The day after the actual firing event, Mr. Trump met with the Russians in the Oval Office. TASS was there and took the only photos available, when were then published. Mr. Trump seems, in the photos, to be the delighted host. I would say he's almost dancing a happy dance. I would guess he was thinking, during that meeting, "at last." I'm just guessing. As usual with Mr. Trump there are now reports that the White House is most unhappy that the photos were published. Someone from the White House even says "The Russians lied to us."

In other news, a big new commission has been commissioned to look into voter fraud on a national level. It is chaired by some AG from Kansas who is known for his draconian voting laws, and his general concern with the undocumented. It seems like the great plan continues no matter the choppy waters of each moment. There is no doubt that voter ID laws and such have tended to disenfranchise more likely Democratic than Republican voters. A national campaign is going to be needed in 2018. Not only is the House Republican majority at stake. So, as well, is the possibility of Trump's impeachment. The potential charges are pretty much now in place.

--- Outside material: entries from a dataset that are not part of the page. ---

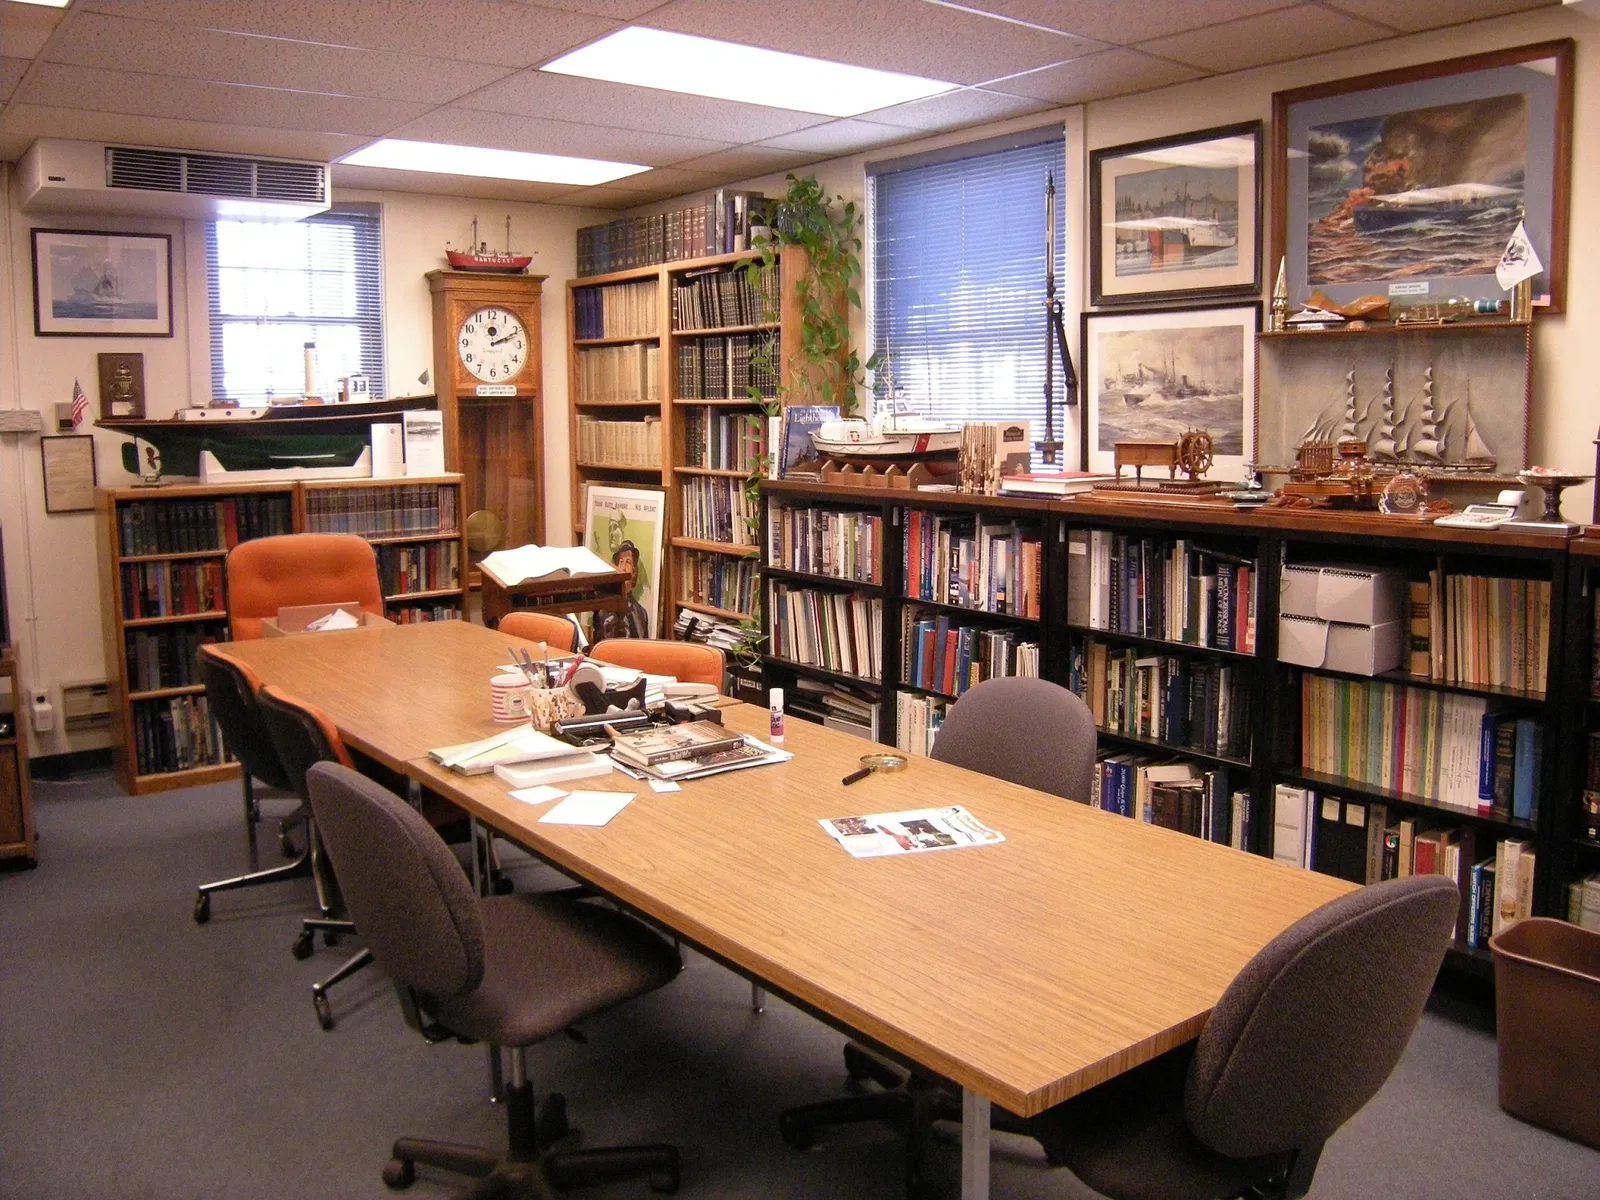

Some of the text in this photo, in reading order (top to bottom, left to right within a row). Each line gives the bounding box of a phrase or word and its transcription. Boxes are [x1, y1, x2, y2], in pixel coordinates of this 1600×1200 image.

[475, 314, 482, 323] 11
[488, 311, 497, 320] 12
[504, 315, 507, 324] 1
[465, 324, 474, 333] 10
[512, 326, 518, 335] 2
[462, 339, 469, 348] 9
[516, 340, 522, 349] 3
[466, 354, 472, 363] 8
[512, 355, 518, 363] 4
[477, 364, 482, 373] 7
[490, 368, 496, 377] 6
[503, 365, 509, 374] 5

It's hard to know what will happen. We're always in the historical moment. Every day comes a new drama. Anybody even remember Sally Yates, or wonder why Mr. Trump took so long to fire General Flynn compared to, say, Mr. Comey. Mr. Comey got the news on TV, whilst giving a speech. He had to charter a plane home.

Paging Mr. Chaplin.

By the end of '74 Nixon was gone. I think he resigned on a day when we were playing the Cradle. By the end of '74 we were up in New York City again, this time polishing a musical play called "Diamond Studs: The Life of Jesse James." It went on to open in an off-Broadway theatre on New Year's Eve, got fantastic reviews, and then to run successfully well into the summer of 1975. In the spring of that year, during the run, people were helicoptering out of Saigon and onto US aircraft carriers, and Vietnam was finally, blessedly, over. Some 58,000 American soldiers had died for pretty much nothing, in a bipartisan effort to stop the flow of history in a little country in southeast Asia.

Friday, May 5, 2017

Health Care Bill


There will be millions of words written. Here's a good start:

http://www.lawyersgunsmoneyblog.com/2017/05/trumpcare-moral-democratic-political-disaste

I've been in a certain quandary about Republicans and the Republican party for a long time. I was convinced back in the days of Nixon that there was never a good reason to pick a Republican, at any level of government. So in a sense I've sort of shot my wad, as they say. Nonetheless, it does seem to get worse and worse. During the era of Nixon I could have voted for Lowell Weicker, for example. And while there were a lot of issues with Sam Ervin (a Democrat), after Watergate I would have voted for him too. The Republicans have been getting worse and worse. I don't see how to ascribe much of this trend to anything other than racism. A great number and percentage of Republicans were simply incensed that a black man achieved the Presidency, and was reelected. One of those Republicans was of course Donald Trump.

One can hope that the Senate will simply fail to pass a cruel and evil bill aimed primarily at destroying Mr. Obama's legacy. Predictions I've read are not so sanguine. American tribalism continues to thrive. Back in the '20s and '30s, the United States government sic-ed the US Army on a variety of its citizens. Veterans who were protesting for pensions were violently driven from Washington under Herbert Hoover's orders. Hoover then lost to Roosevelt. Strikes were put down in Detroit and other places under Roosevelt.

Money has always been power. Money has mostly been greedy, and willing to lie and deflect. The top one percent of Americans, ranked by income, get over $800 billion from this bill when and if it is passed. Oddly enough, the same amount vanishes in support of Medicaid.

The Old Vet may soon be dependent on Medicaid, after serving his country bravely in France, Belgium, and Germany, in 1944-45. Hopefully it will be there for him.

I plan to never vote for another Republican. But as I say, my conviction in that regard was sealed well before this particular legislative cruelty won the US House of Representatives.